Most things, at that time in her life, had made her want to weep, but this seemed more warranted than most. It wasn’t as if they’d been close. Sometimes he’d called her Moneypenny, but that was it. And even afterwards they were hardly friends, though it did not escape her that he never called her Moneypenny again. Nor did they discuss what had happened, beyond his asking, that first morning, if she was ‘back to her old self’. She’d given him the answer he’d wanted, but knew that her old self was long gone. And from there, they’d continued as before.

But he had cared for her when it mattered, and so she cared for him in return. They were together another three years, and before the first was out she was playing a role in his non-working life. He was unmarried. She’d long registered his threadbare aura. It wasn’t that he was seedy, but seediness was a possibility, and poor diet an ongoing fact. He needed looking after. And she needed something. She didn’t need to wake up next to more strangers, but she needed something. Partner turned out to be it.

So she kept his freezer full, and arranged for a weekly cleaner; took his diary in hand and made sure he had the odd day off. She became a barrier against the worst of his underlings – the atrocious Diana Taverner, for a start. And did all this while remaining part of the wallpaper: there was never physical contact, and nor did he acknowledge that she was anything other than secretary.

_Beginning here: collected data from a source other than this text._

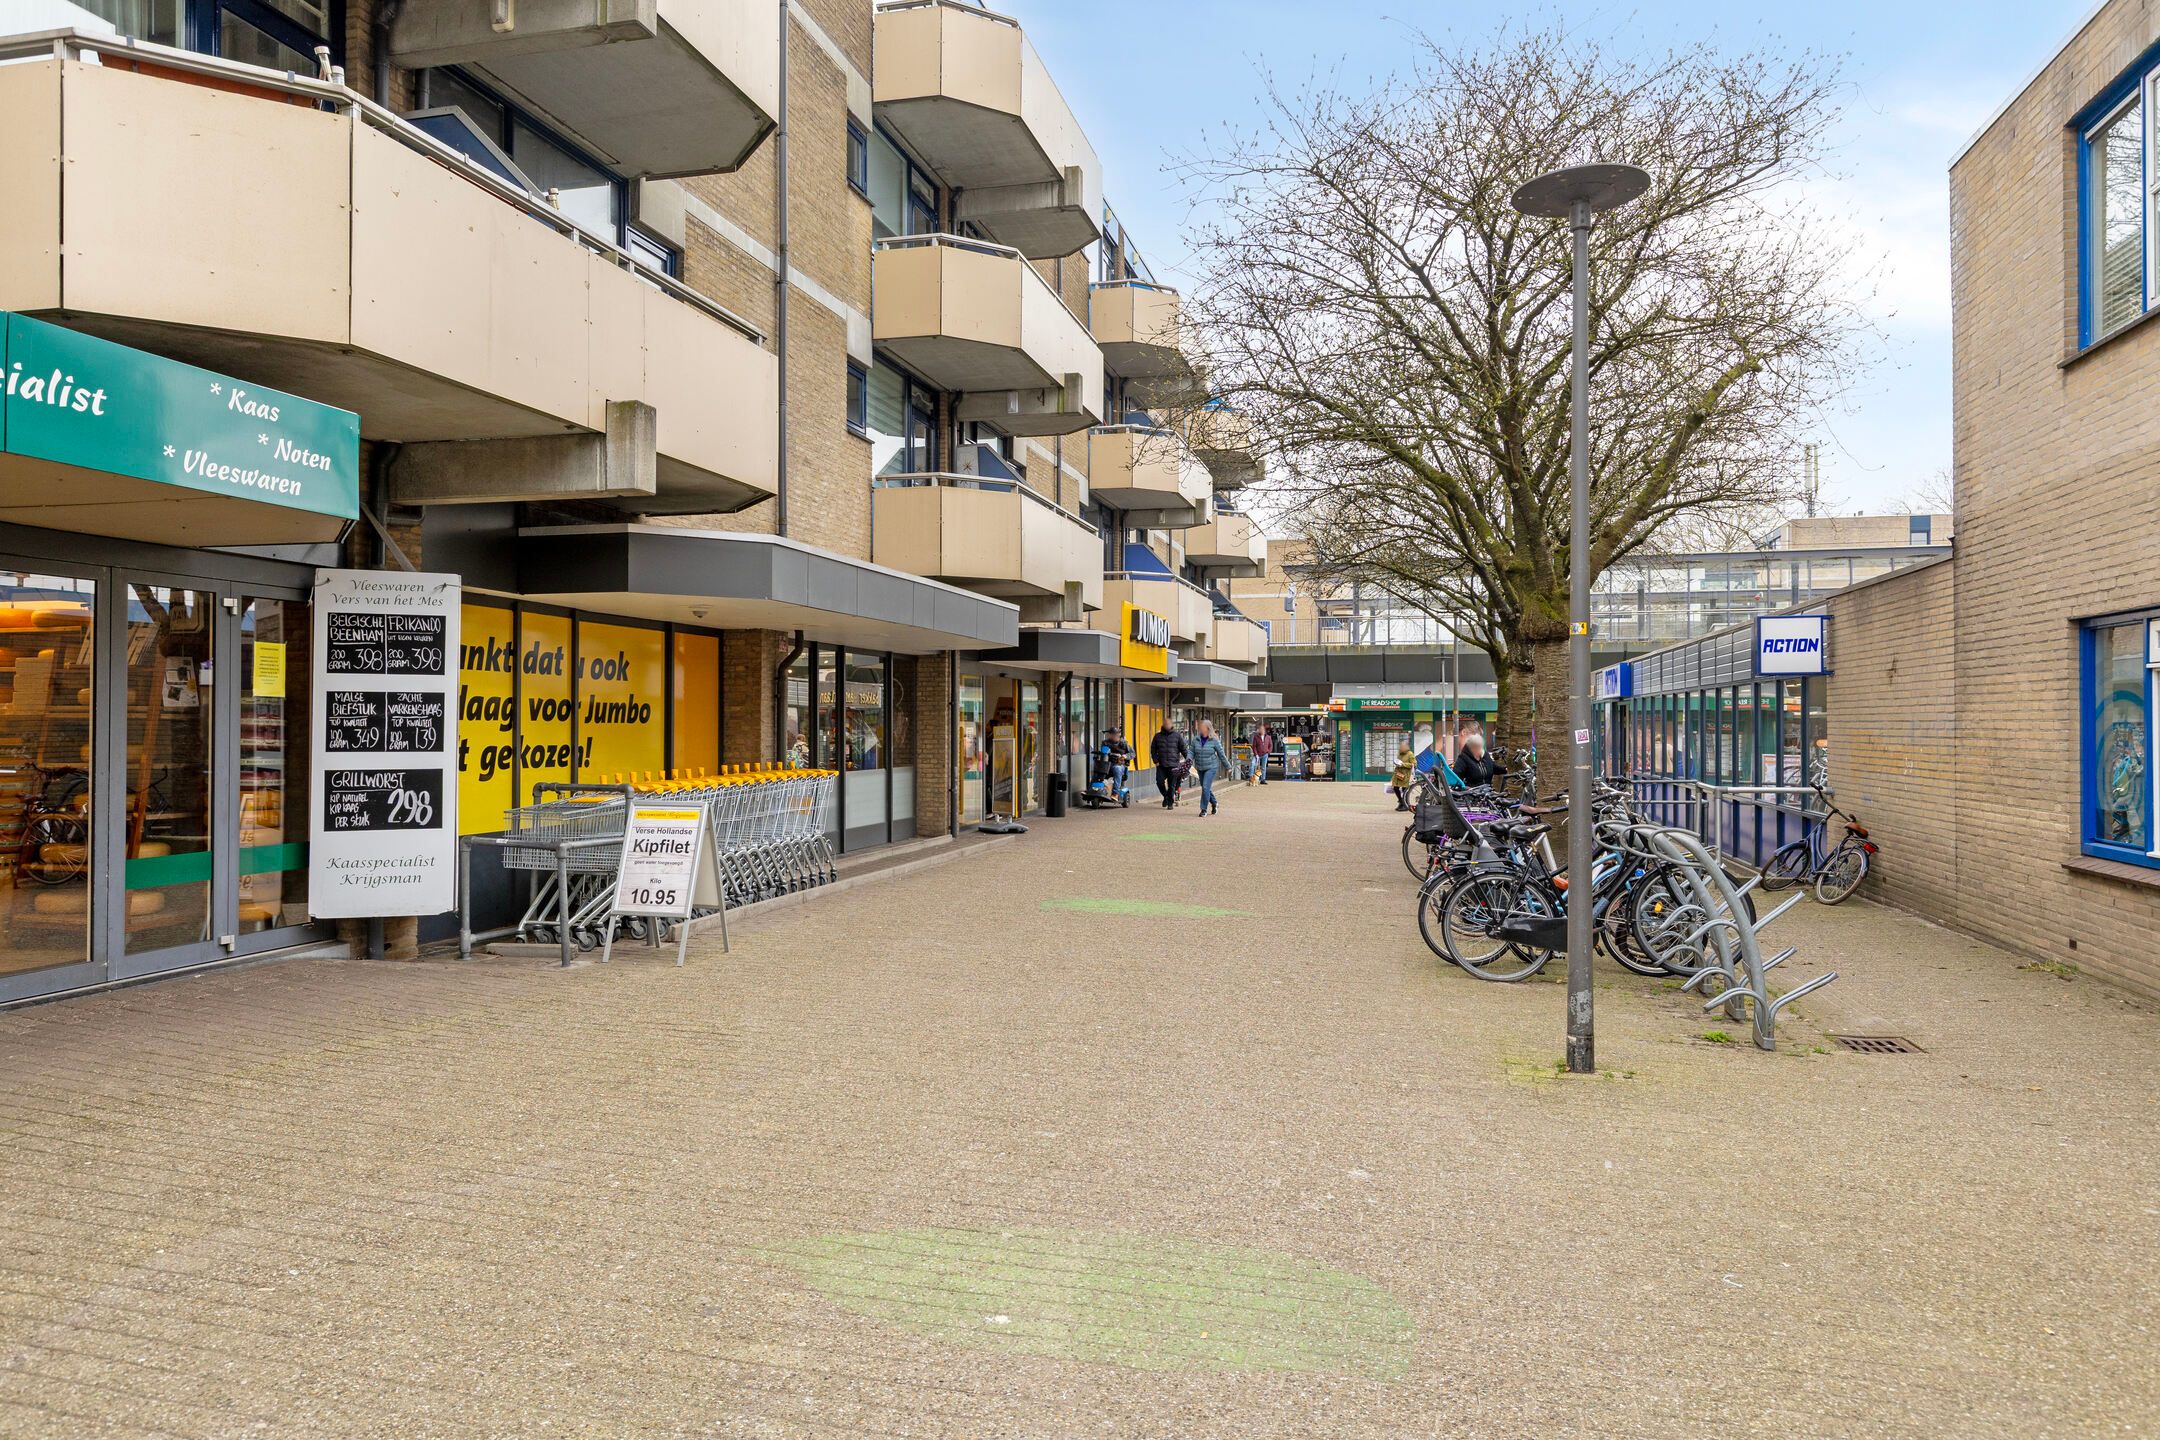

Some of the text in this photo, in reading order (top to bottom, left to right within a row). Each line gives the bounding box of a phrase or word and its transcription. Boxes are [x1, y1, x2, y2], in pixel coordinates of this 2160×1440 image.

[228, 388, 280, 422] Kaas
[274, 438, 331, 471] Noten
[183, 450, 301, 496] Vleeswaren
[351, 579, 425, 592] Vleeswaren
[332, 593, 443, 607] Vers van het Mes
[329, 613, 385, 628] BELGISCHE
[388, 615, 441, 633] FRIKANDO
[330, 628, 384, 643] BEENHAM
[1137, 609, 1171, 649] JUMBO
[1762, 638, 1820, 653] ACTION
[331, 649, 346, 660] 200
[388, 649, 404, 659] 200
[523, 641, 564, 676] dat
[590, 651, 630, 681] ook
[328, 660, 351, 670] GRAM
[387, 659, 410, 668] GRAM
[334, 692, 365, 702] MALSE
[332, 703, 377, 716] BIEFSTUK
[584, 694, 651, 724] Jumbo
[329, 739, 350, 750] GRAM
[331, 771, 406, 788] GRILLWORST
[330, 793, 341, 803] KIP
[329, 803, 342, 815] KIP
[633, 839, 690, 857] Kipfilet
[326, 855, 435, 872] Kaasspecialist
[339, 873, 422, 888] Krijgsman
[631, 888, 676, 905] 10.95

But she cared for him.

Though not enough to recognise that he needed more help than she could give him.

She tilted her head to one side now, allowing her hair to fall across her face. She wondered if she should tint it, bring the blonde out, but who for? And would anyone notice? Apart from the odious Jackson Lamb, who’d ridicule her.

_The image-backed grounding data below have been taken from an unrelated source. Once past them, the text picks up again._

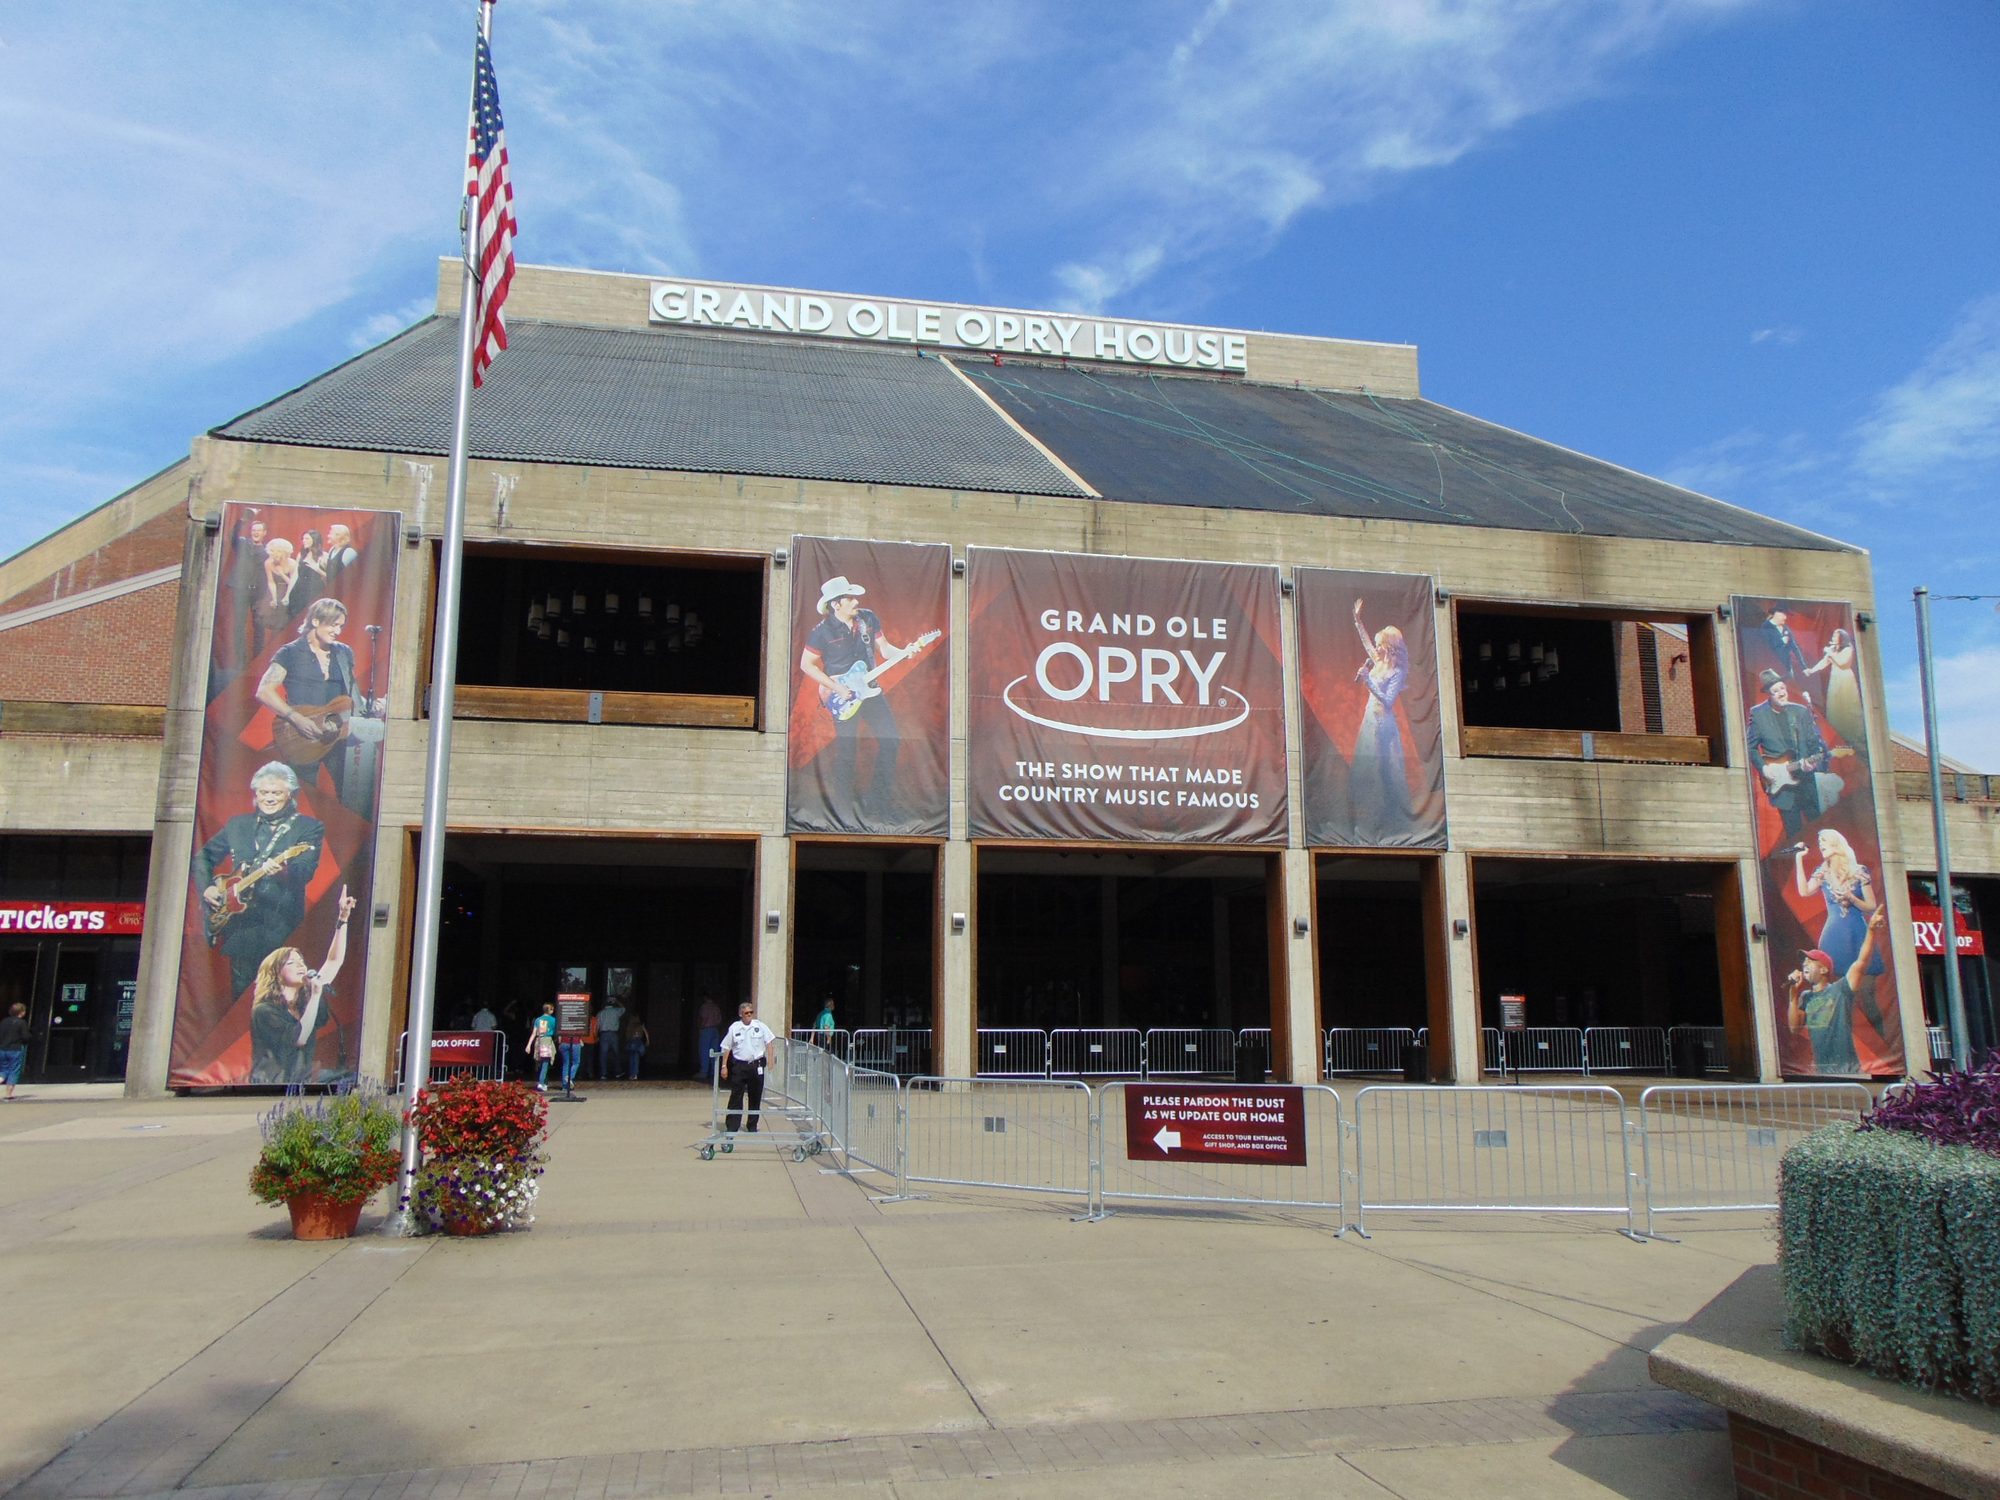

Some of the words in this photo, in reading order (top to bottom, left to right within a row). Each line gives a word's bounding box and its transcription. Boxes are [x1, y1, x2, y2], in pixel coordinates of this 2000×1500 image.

[652, 284, 834, 332] GRAND
[847, 301, 941, 343] OLE
[955, 312, 1082, 354] OPRY
[1094, 323, 1247, 372] HOUSE
[1040, 609, 1156, 636] GRAND
[1166, 616, 1227, 640] OLE
[1035, 641, 1227, 705] OPRY
[1015, 761, 1055, 778] THE
[1061, 763, 1123, 780] SHOW
[1128, 765, 1180, 782] THAT
[1185, 767, 1243, 785] MADE
[998, 784, 1099, 804] COUNTRY
[1104, 788, 1170, 806] MUSIC
[1176, 790, 1260, 809] FAMOUS
[1955, 935, 1973, 948] OP
[431, 1039, 449, 1048] BOX
[450, 1039, 480, 1048] OFFICE
[1143, 1096, 1181, 1106] PLEASE
[1183, 1097, 1229, 1107] PARDON
[1231, 1098, 1253, 1108] THE
[1256, 1099, 1285, 1109] DUST
[1144, 1110, 1158, 1120] AS
[1159, 1110, 1176, 1120] WE
[1178, 1111, 1220, 1121] UPDATE
[1222, 1112, 1247, 1122] OUR
[1250, 1112, 1285, 1123] HOME

She could accept, Charles Partner being dead, that there was no place for her at Regent’s Park. But Slough House felt like a deferred punishment for a crime she’d already atoned for. Sometimes she wondered if there were more to that crime than her own wine-dark past; if she were held responsible in some way for Charles’s suicide. For not knowing it was going to happen. But how could she have known that? Charles Partner had spent a lifetime dealing in other people’s secrets, and if there was one thing he’d learned, it was how to keep his own. You had a key to his house? she’d been asked. And: You were expecting this to happen? Of course she hadn’t. But she wondered now if anyone had ever believed her.

Ancient history. Charles Partner was bones, but she still thought about him most days.

Back to the mirror. Back to her own life. Lovely woman had stooped to folly, and this was where it had left her.

My name is Catherine and I am an alcoholic.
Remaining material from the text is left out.